* [Records for this task]
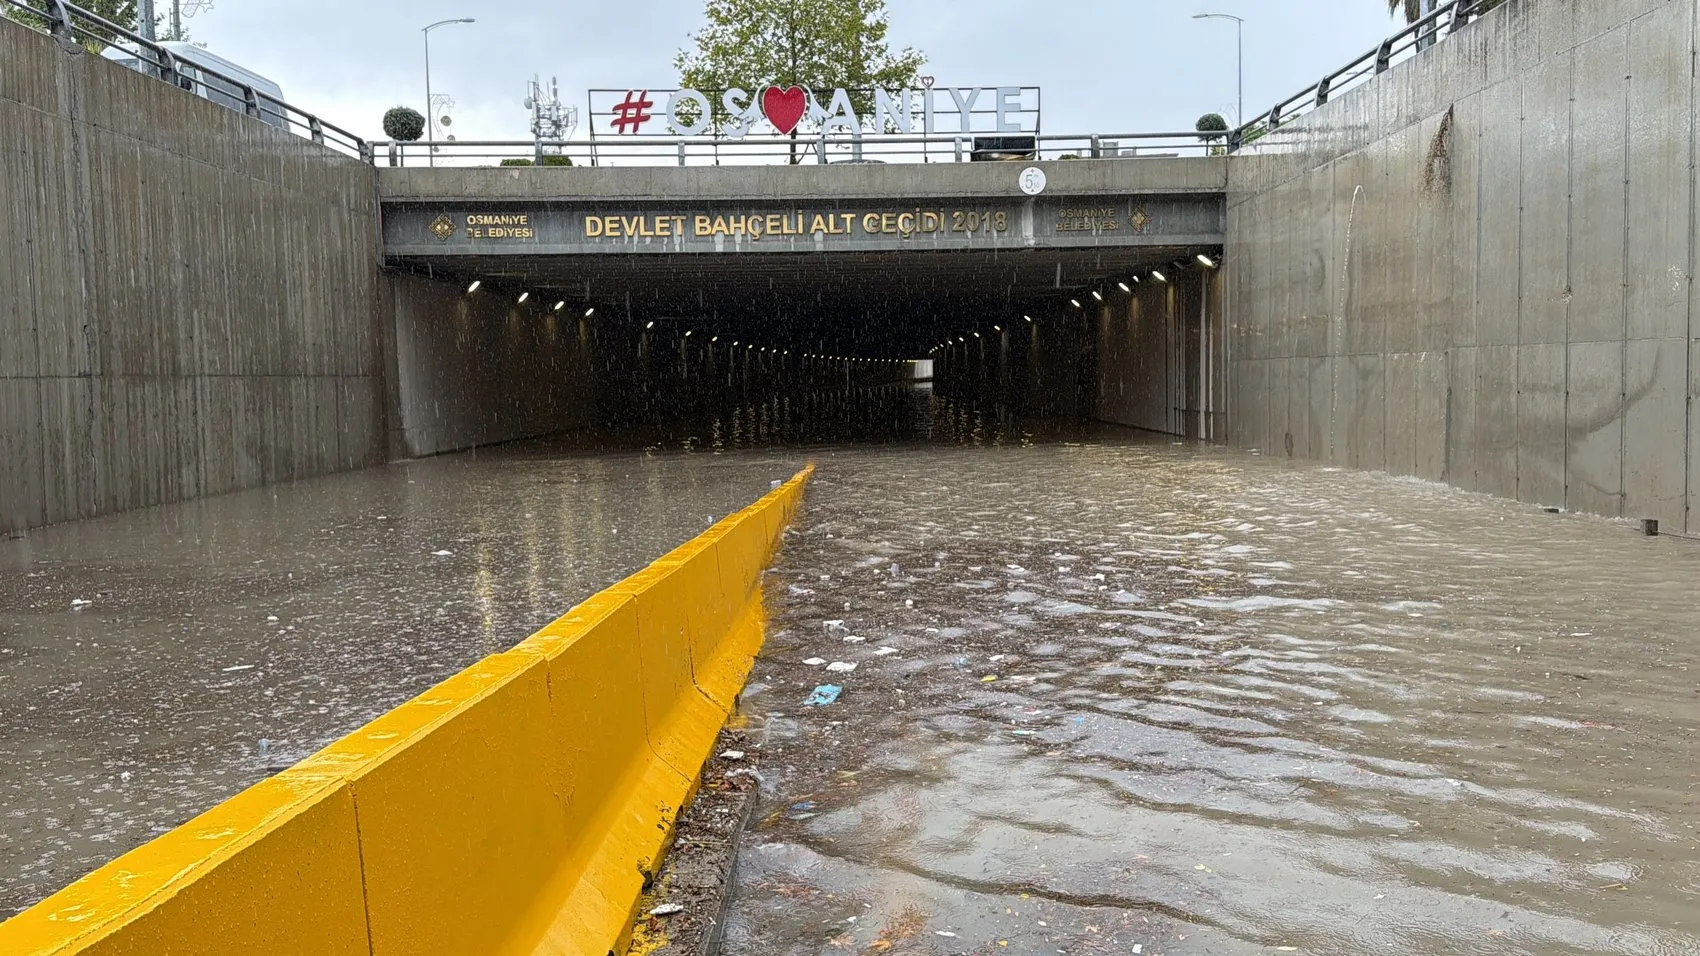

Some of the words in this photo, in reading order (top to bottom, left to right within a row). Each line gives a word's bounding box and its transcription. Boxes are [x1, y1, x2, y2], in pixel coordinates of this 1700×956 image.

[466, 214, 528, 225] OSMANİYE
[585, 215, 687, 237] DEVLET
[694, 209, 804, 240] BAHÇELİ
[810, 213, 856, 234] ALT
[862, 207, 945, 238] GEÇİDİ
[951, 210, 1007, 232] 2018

* [Required action] Print the records verbatim, without pictures.

* [Answer space]
Some of the words in this photo, in reading order (top to bottom, left to right within a row). Each line gives a word's bounding box and its transcription. Boxes are [x1, y1, x2, y2], in pixel coordinates of this 1700×956 image.

[466, 214, 528, 225] OSMANİYE
[585, 215, 687, 237] DEVLET
[694, 209, 804, 240] BAHÇELİ
[810, 213, 856, 234] ALT
[862, 207, 945, 238] GEÇİDİ
[951, 210, 1007, 232] 2018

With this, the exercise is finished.